Random forest classification is more effective at handling preferential sampling than alternative methods [61]. It is important to ensure the training dataset (75% of the PFAS sampling results) represents adequate geographic spread and has similar proportions in each category as the full dataset. To account for differences in PFAS results data (number of PFAS analyzed and differences in detection limits) we decided to move forward with a simple aggregation of PFOS and PFOA. While this limits our ability to predict the full spectrum of PFAS contributing to contamination, it enables us to tease out point sources or geographic features that contribute to commonly detected PFAS. While there are some differences in the sources of PFOS and PFOA, there are also many similarities and these two PFAS are often found together. In 92% of the training data sampling points the detection status of PFOS and PFOA are the same. In other words, only in 8% of the samples was PFOA detected and PFOS not detected or vice versa. As Colorado continues to collect data with lower LoDs and an expanded suite of PFAS we would work to rerun this model for separate PFAS types to better understand source signatures, fate, and transport in Colorado. Finally, while a continuous-scale analysis may be more informative for identifying water systems at highest relative risk, the current data do not suggest benefits of performing regression analysis with continuous values over the type of classification we employed. The merits of classification are further supported in a review of machine learning models to predict potential groundwater contamination, which determined that models generally performed better with classification than regression [63]. While the data used in this work was better suited for classification analysis, whether to run classification or regression is dependent on the type and extent of available data.

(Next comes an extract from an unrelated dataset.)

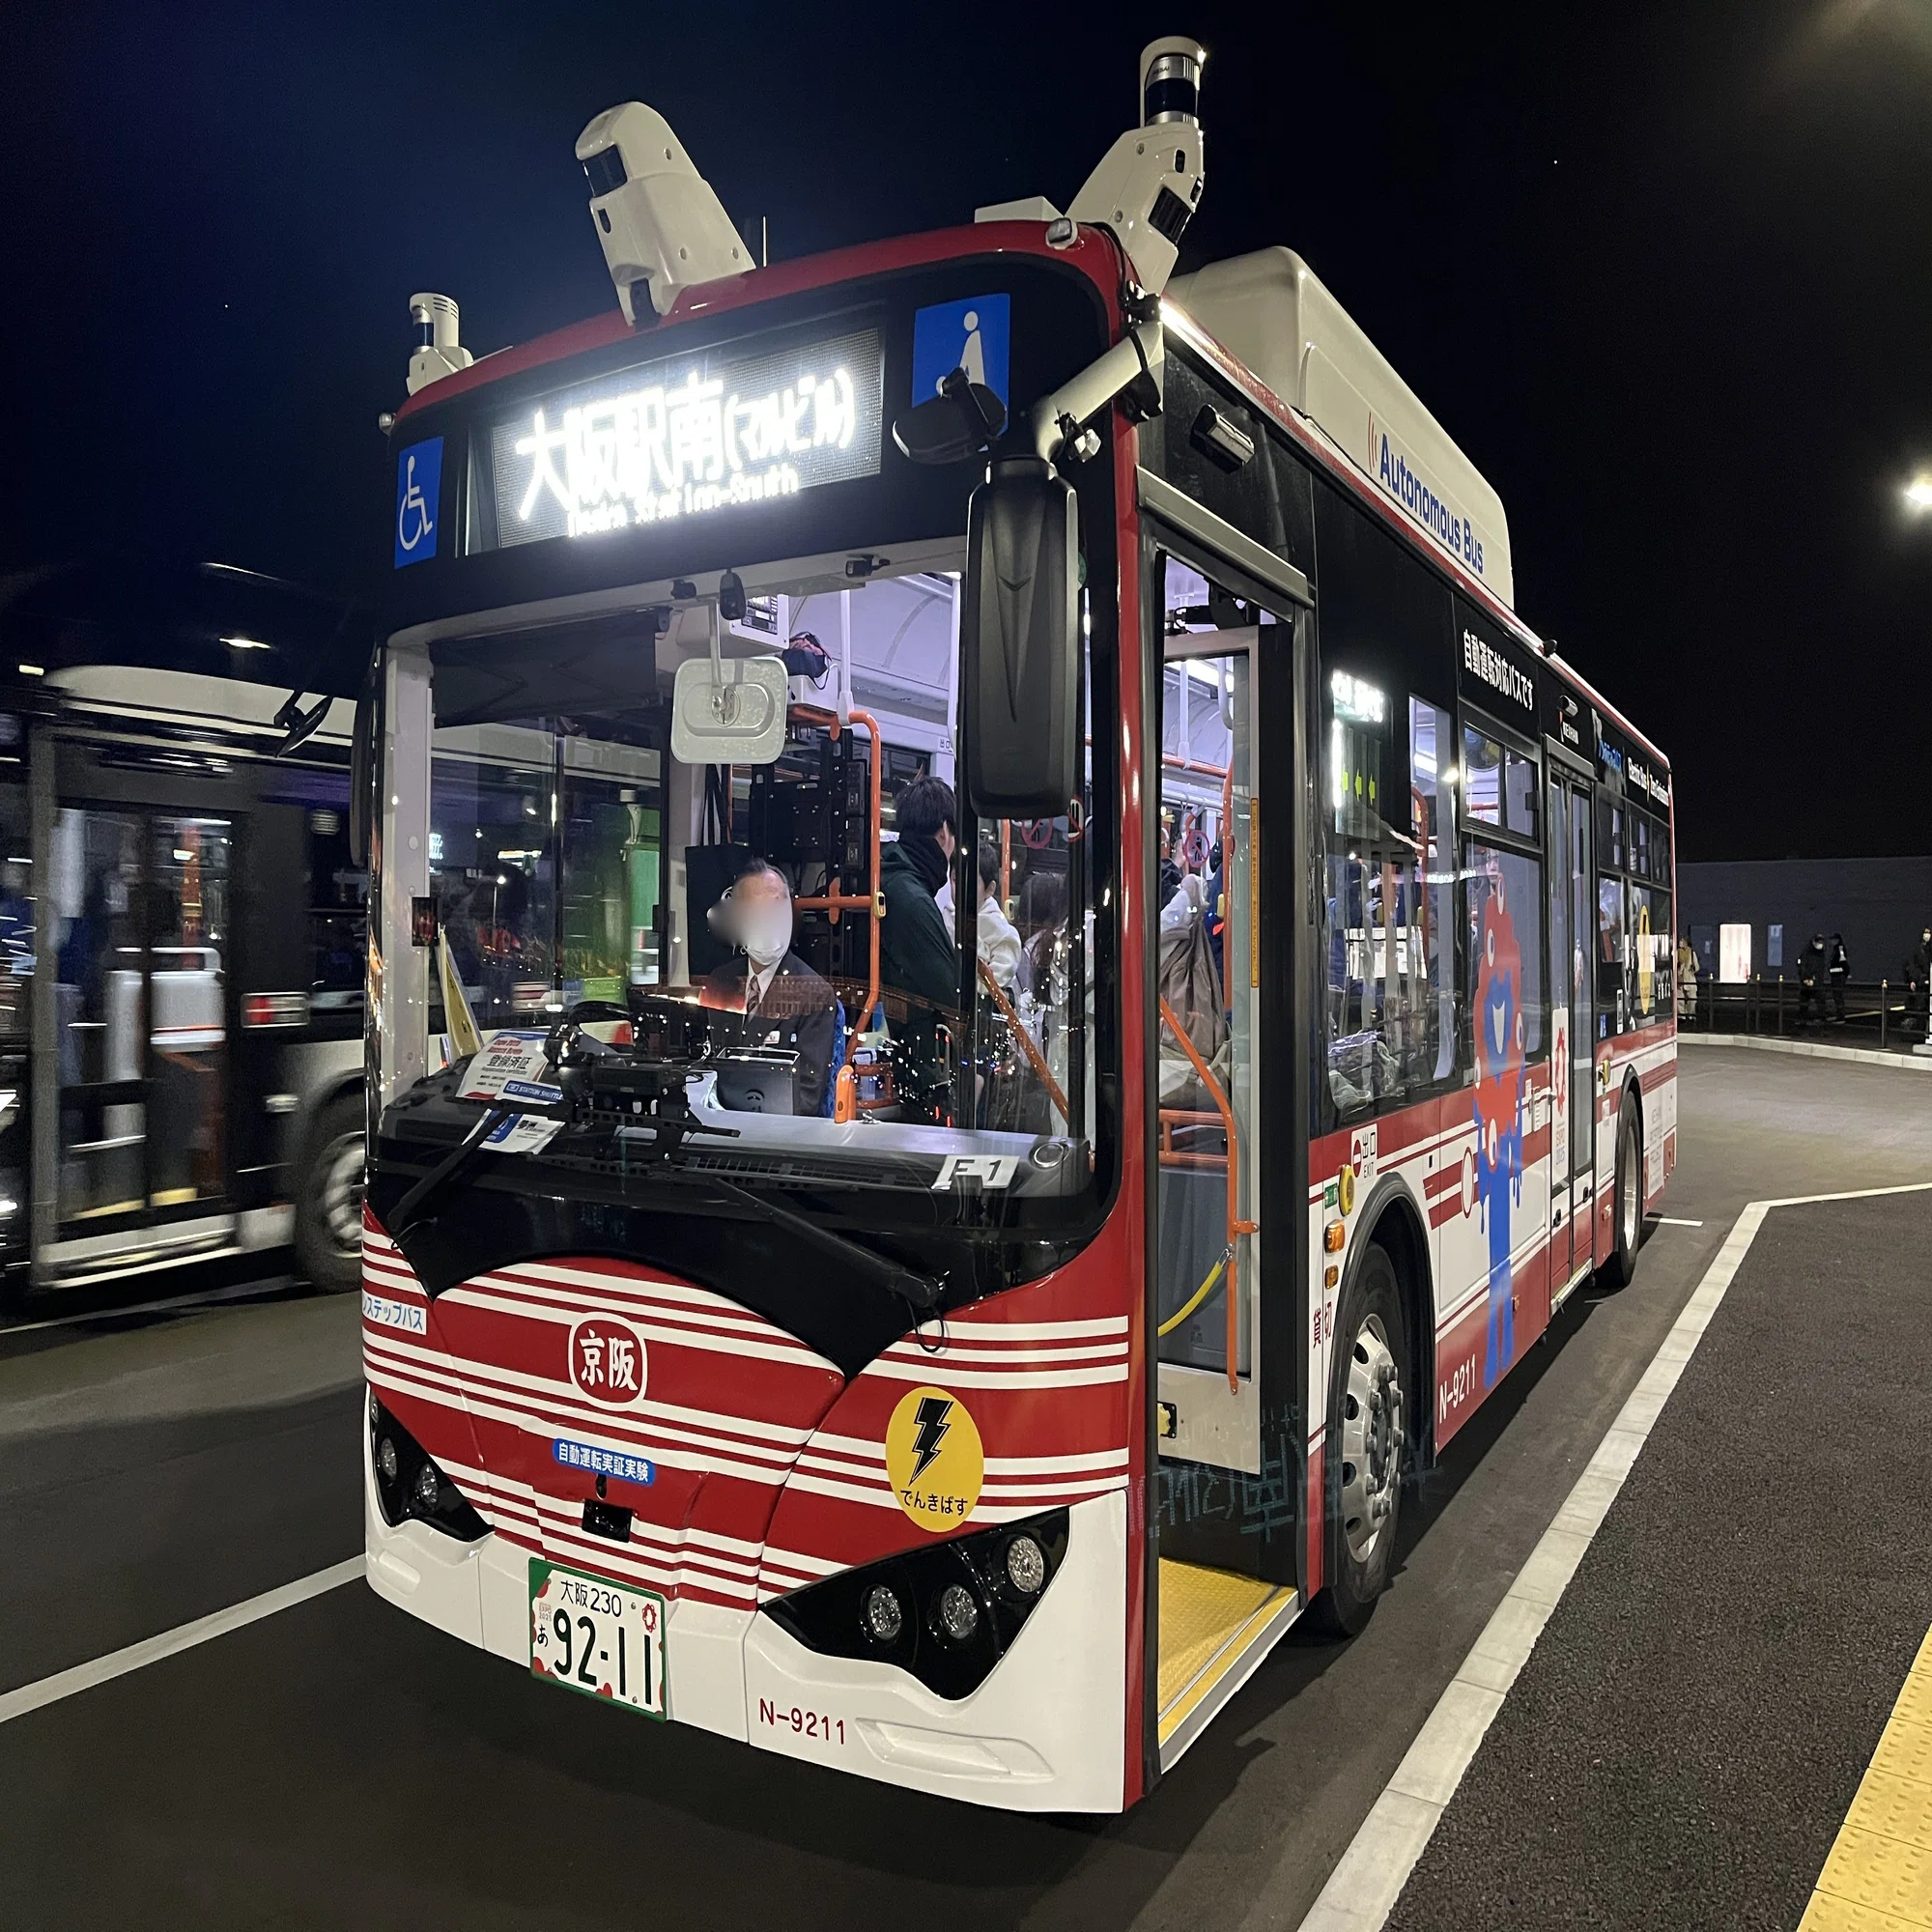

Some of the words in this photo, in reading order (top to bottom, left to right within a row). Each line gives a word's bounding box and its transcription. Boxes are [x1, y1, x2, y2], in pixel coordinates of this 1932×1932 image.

Additional information on source types could be useful for better refining the model in the future. For example, landfills likely have a different risk of PFAS contamination based on factors such as age of waste and how the landfill is constructed [64,65,66]. Further, the depth to water table data set could be improved to better approximate well depth across Colorado and potentially improve its predictive capability. We do not have or know of a reliable method for evaluating well depths at the statewide scale. The high variability of aquifer types and characteristics across Colorado (fracture flow, alluvial, confined, unconfined, etc.), fluctuating and depleted aquifers without water-level monitoring data, and significant variability in transmissivity, additionally introduces complexity that becomes a challenge at the statewide scale. Moving forward, we have interest in undertaking a similar spatial/modeling exercise at more localized or regional scales that incorporate well depth or “uppermost groundwater aquifer” depth in heavily studied and understood aquifer systems with time-series monitoring data of water table depth. Finally, information on some PFAS source types and some potentially useful environmental predictors (e.g., groundwater age) [67], was not available for inclusion in the model.

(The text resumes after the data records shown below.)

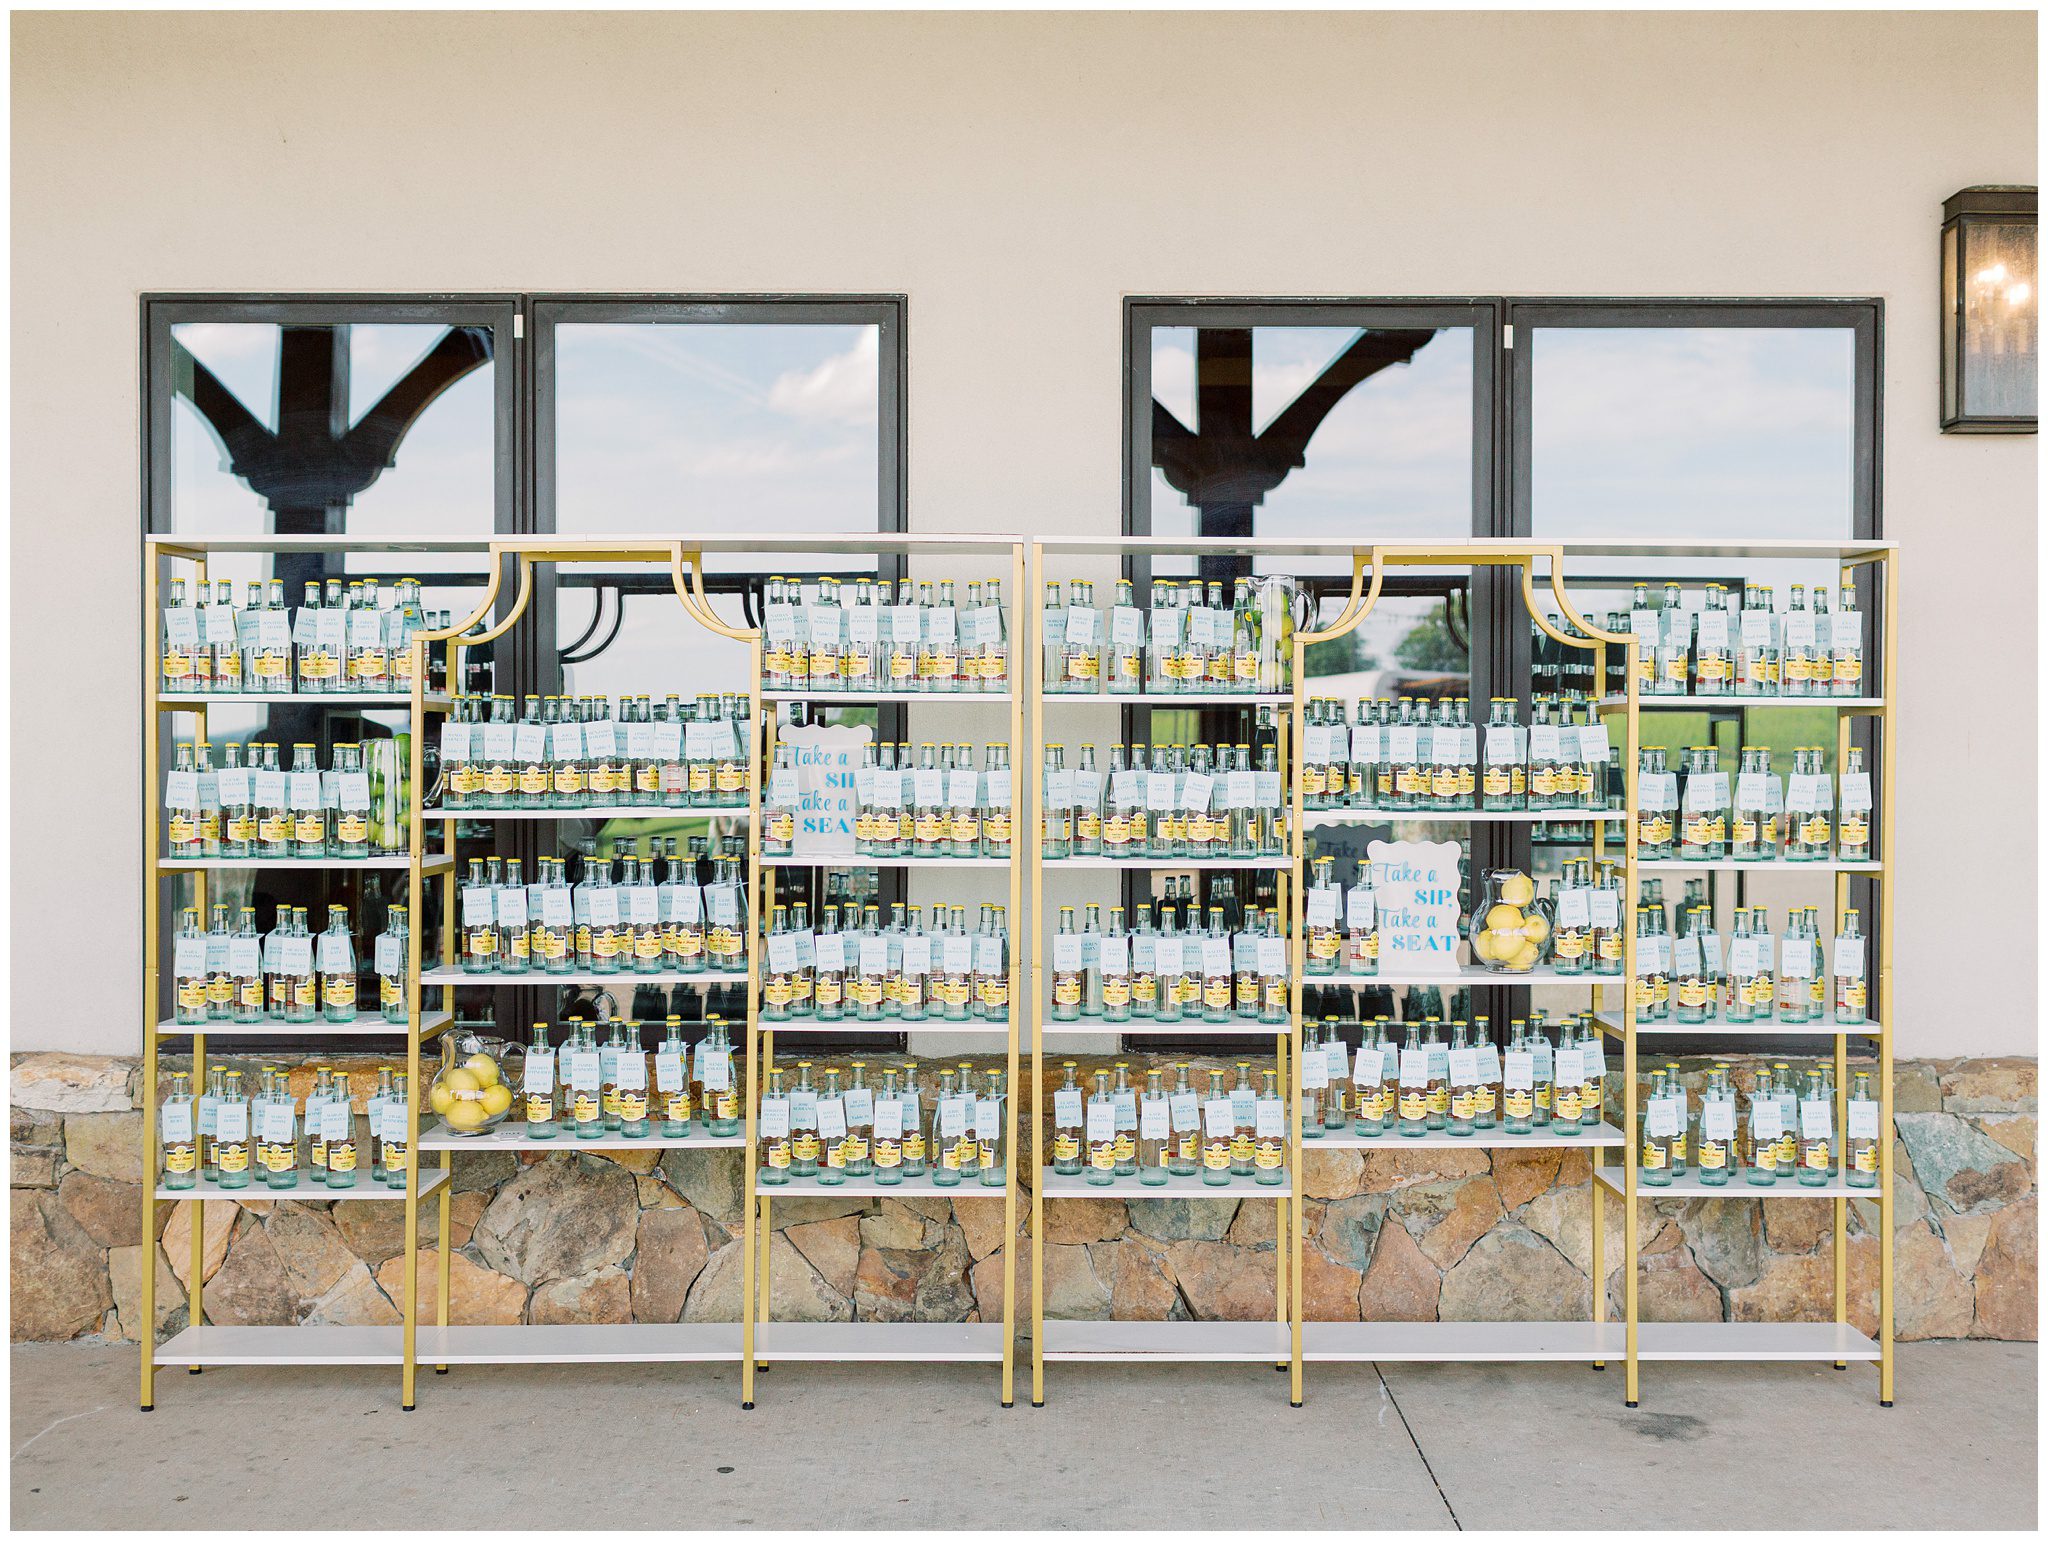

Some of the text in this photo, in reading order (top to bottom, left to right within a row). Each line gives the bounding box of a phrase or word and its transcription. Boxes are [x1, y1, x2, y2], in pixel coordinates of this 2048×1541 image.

[788, 745, 847, 767] Take a
[838, 796, 847, 812] a
[1373, 860, 1439, 883] Take a
[1414, 889, 1453, 908] SIP.
[1379, 907, 1438, 929] Take a
[1391, 934, 1457, 952] SEAT

Conclusions and future work

This map represents the first iteration of this work, which we will develop further as new data become available. The primary goal of this modeling effort was to identify data gaps and drive prioritization for subsequent rounds of PFAS sampling. With its framework in place, the CDPHE will re-run this model with larger and more comprehensive training data on an annual basis. Additional data with more consistent and lower LoDs will allow for an assessment that is more refined and improve model predictions. Further, a better understanding of releases from potential PFAS sources, along with targeted sampling in higher risk areas, will assist resource allocation efforts and improve our big-picture understanding of who is at greatest risk for PFAS exposure and health effects in Colorado.